# HD 5870 Dirt 2 zuwenig Frames<--- PROBLEM GELÖST!



## -Xe0n- (8. Dezember 2009)

*HD 5870 Dirt 2 zuwenig Frames<--- PROBLEM GELÖST!*

Hallo. Mit meiner HD 5870 hab ich im moment viel zu wenig Frames...
Auflösung 1680x1050
Details auf Hoch
2x MSAA (kein SSGAA an!)
Habe nur um die 25Fps!
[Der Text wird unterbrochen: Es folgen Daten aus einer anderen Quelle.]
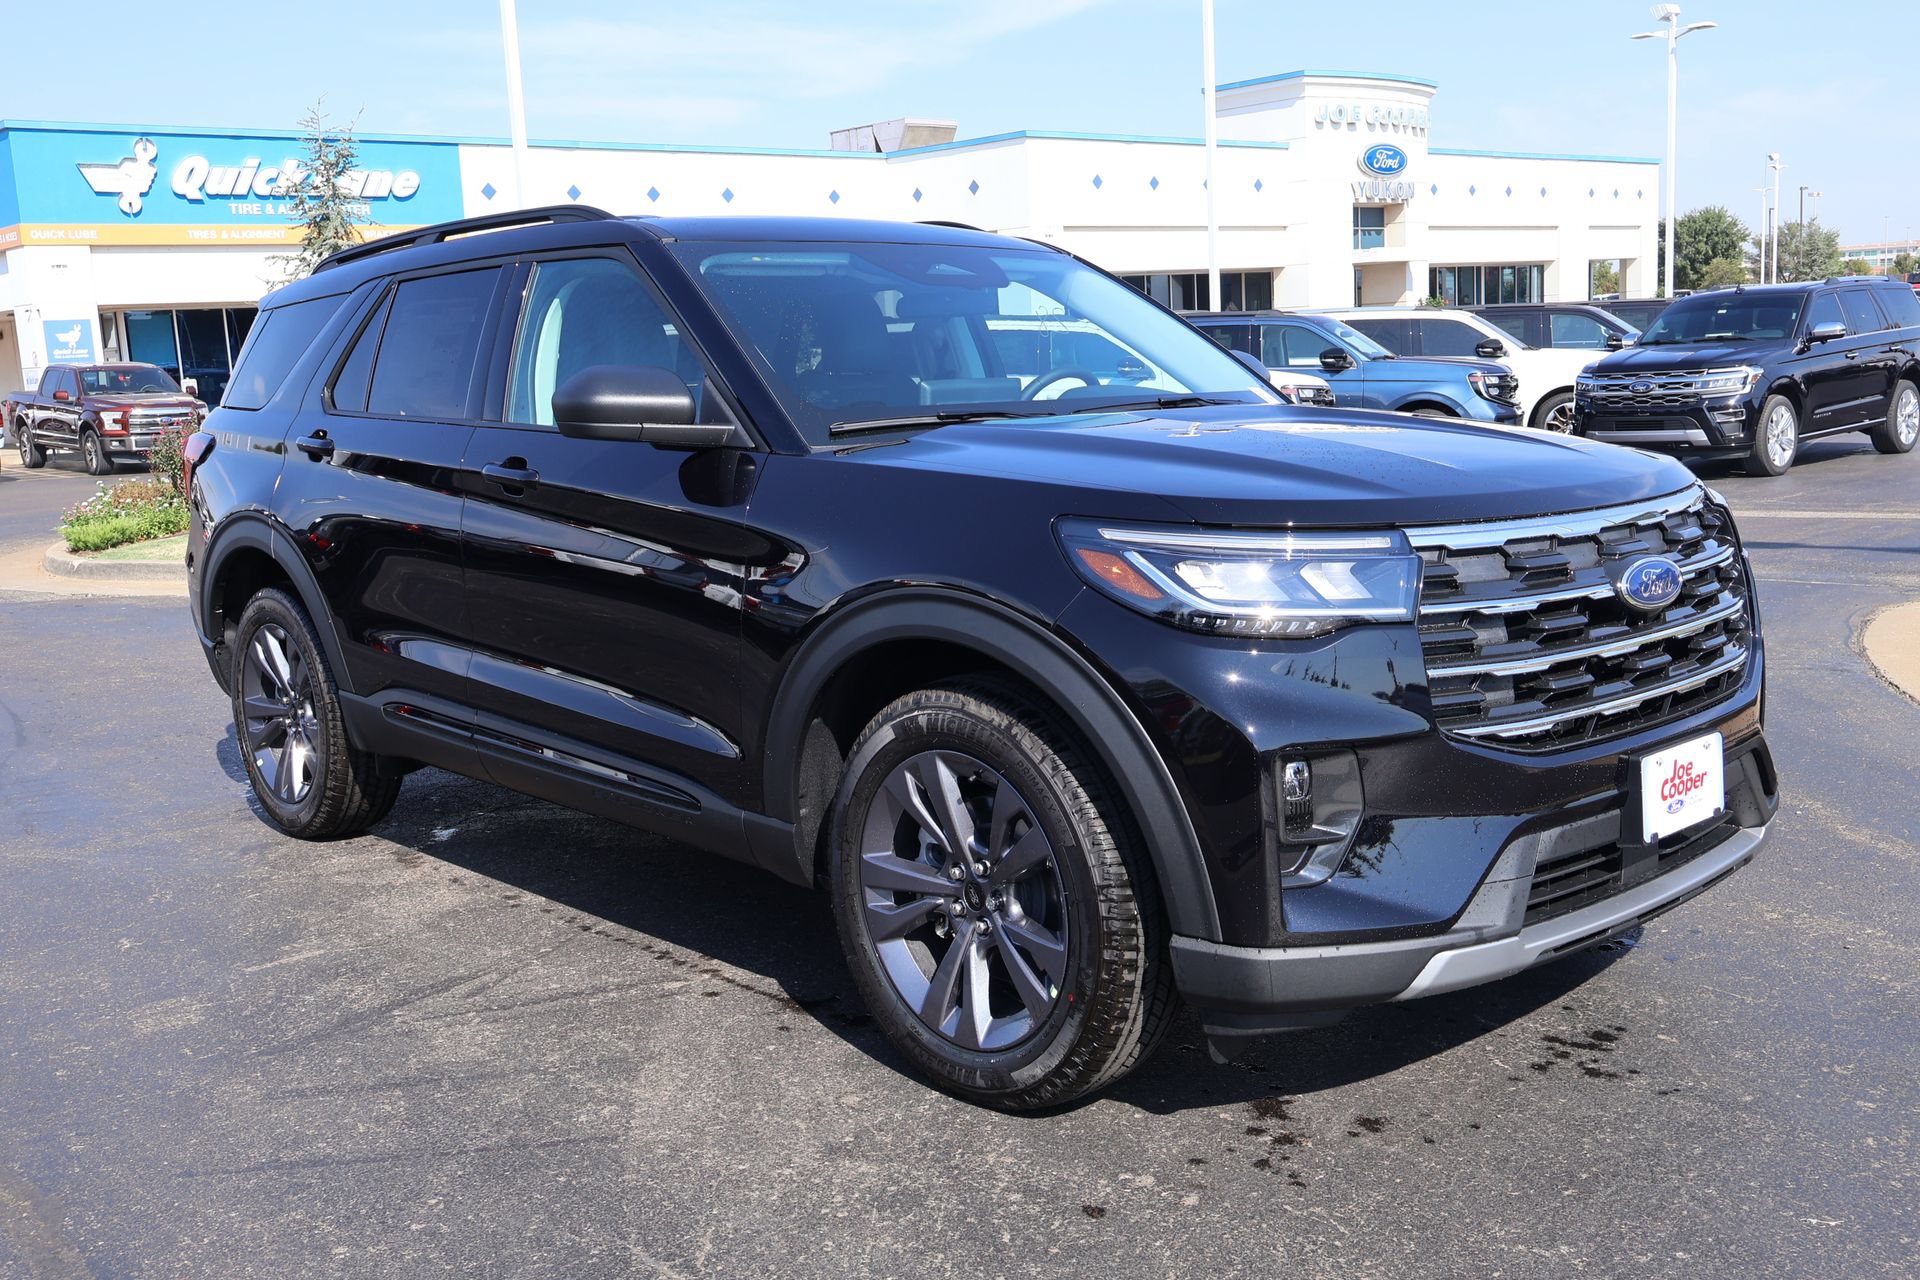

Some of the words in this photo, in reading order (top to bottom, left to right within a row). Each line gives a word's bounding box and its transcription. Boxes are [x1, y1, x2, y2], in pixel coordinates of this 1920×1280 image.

[1315, 104, 1361, 126] JOE
[1373, 149, 1400, 169] Ford
[170, 154, 313, 202] Quick
[1353, 180, 1415, 200] YUKON
[228, 202, 262, 216] TIRE
[264, 202, 275, 215] &
[30, 229, 65, 239] QUICK
[67, 229, 98, 239] LUBE
[187, 229, 217, 239] TIRES
[221, 230, 229, 239] &
[230, 229, 286, 239] ALIGNMENT
[1641, 567, 1674, 597] Ford
[1669, 759, 1694, 783] Joe
[1016, 760, 1058, 815] PRIMACY
[1660, 770, 1708, 802] Cooper
Mit einem vergleichbaren Test PC hatte pcgh min 60 fps!


Dirt 2 im CPU-Test mit DirectX 9 und DirectX 11: Phenom sehr gut im Rennen, Quadcores herrschen - Colin McRae Dirt 2, DirectX 11, Ego-Engine, Codemasters, CPU, Benchmarks
Mein sys:

Q6600@ 3,6ghz
HD 5870
BeQuiet P7 650W 
Temps sind alle im grünen Bereich!
Dirt 2 ist auf ist nicht auf der System Fesplatte installiert.

In Cod 6 hab ich auch in manchen maps zu wenig fps... min 40.
Ist nicht sehr tragisch allerdings hatten welche bei anderen Benchmarks min 70 auch wenns mit nem i7 920@ 3,5Ghz CPU war...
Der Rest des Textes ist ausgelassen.